コンサル"幻滅"談——発注者が語る「使えるコンサル」の条件

コンサルタントに対し、発注元となるクライアント企業が本当に期待していることは何か。その"本音"を見誤れば、ニーズから大きくズレたアウトプットになってしまう……。今回、そんな「コンサル幻滅談」を話してくれるのは、大手日系メーカー勤務時代に事業企画担当としてコンサル発注を担当してきた立石勝一さん(仮名)。コンサルタントに対する、立石さんの「もっとこうしてほしかった」こととは。
〈Profile〉
立石 勝一(たていし・しょういち)※仮名
新卒で大手日系メーカーに入社し、事業企画やマーケティングなどを担当。
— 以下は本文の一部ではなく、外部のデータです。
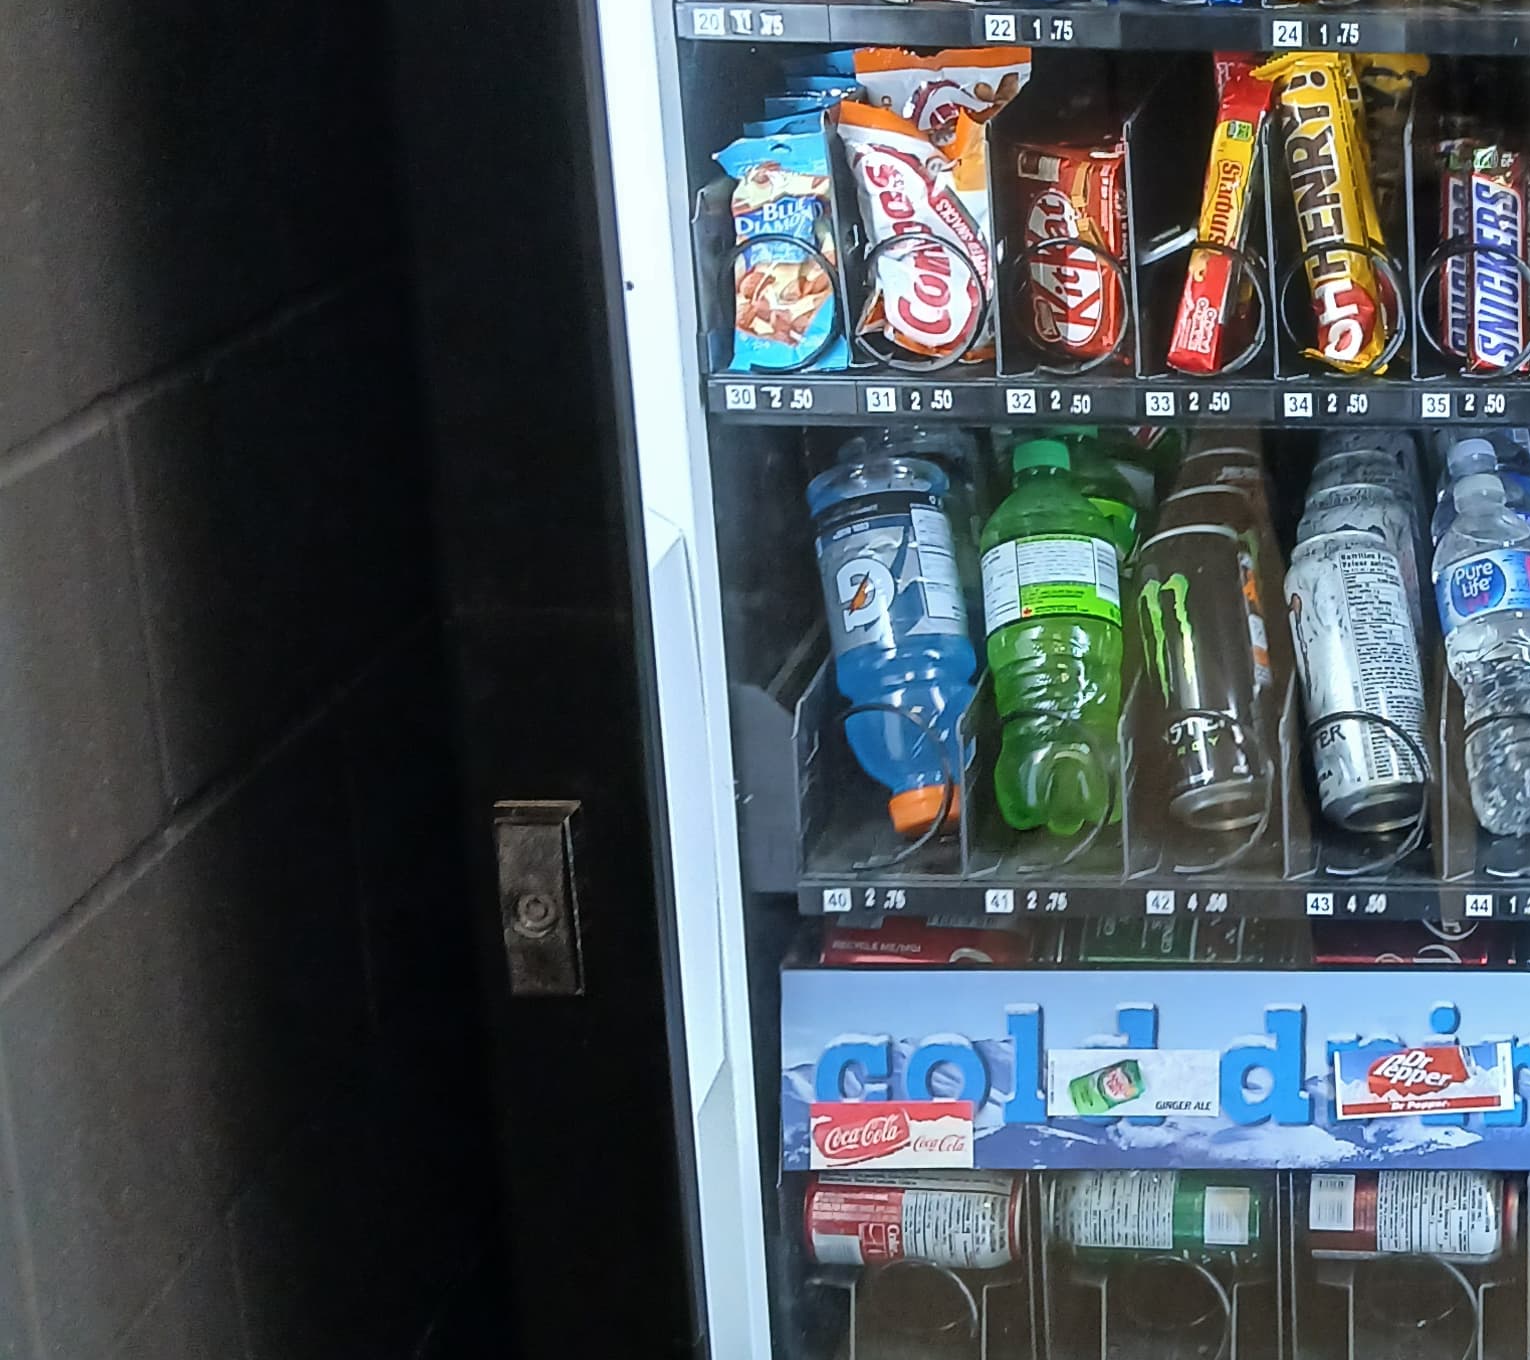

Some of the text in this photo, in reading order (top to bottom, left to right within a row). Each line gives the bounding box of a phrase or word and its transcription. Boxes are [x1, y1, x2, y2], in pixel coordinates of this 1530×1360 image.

当時、戦略コンサルティングや広告代理店などへのコンサル発注を多く経験している。現在は、外資系IT企業マネージャー職。20代後半。
「とりあえずやって」で始まった、社内政治的なプロジェクト
――まず、これまでのコンサル発注経験について教えてください。
立石:コンサル発注を担当したのは、前職の大手日系メーカーで事業企画の部署にいたときが一番多かったです。年間パートナーになっている大手広告代理店へのコンサルティング業務の発注をはじめ、戦略コンサルだったり、ITコンサルとのやりとりもいくつか経験しました。
――ではさっそく立石さんのコンサル失敗談を聞かせてください。
立石:そもそも、その案件は最初から進める意味がなかったんです……。新興の戦略コンサルへの発注でしたが、自社の幹部を経由して、当時私がいた部署に"降ってきた"案件でした。紹介してきた幹部自身も社内政治的な理由で断れなかったというだけで、コンサルに依頼すること自体にあまり意味を感じていなくて、「とりあえずやって」みたいな。そういう流れなので、課題設定があいまいなまま、進めなければならなかったんです。
――大企業にありそうな話ですね。
立石:そうなんです。私がいた会社に限らず、けっこう"あるある"だと思いますね。社内政治的な理由での発注もそうですし、決算期に予算消化のために急遽、案件を組み込む場合も多かった。なので、コンサルでの失敗のなかには、発注者側のインプットに問題があるというケースもけっこうあるのではないかなと思っています。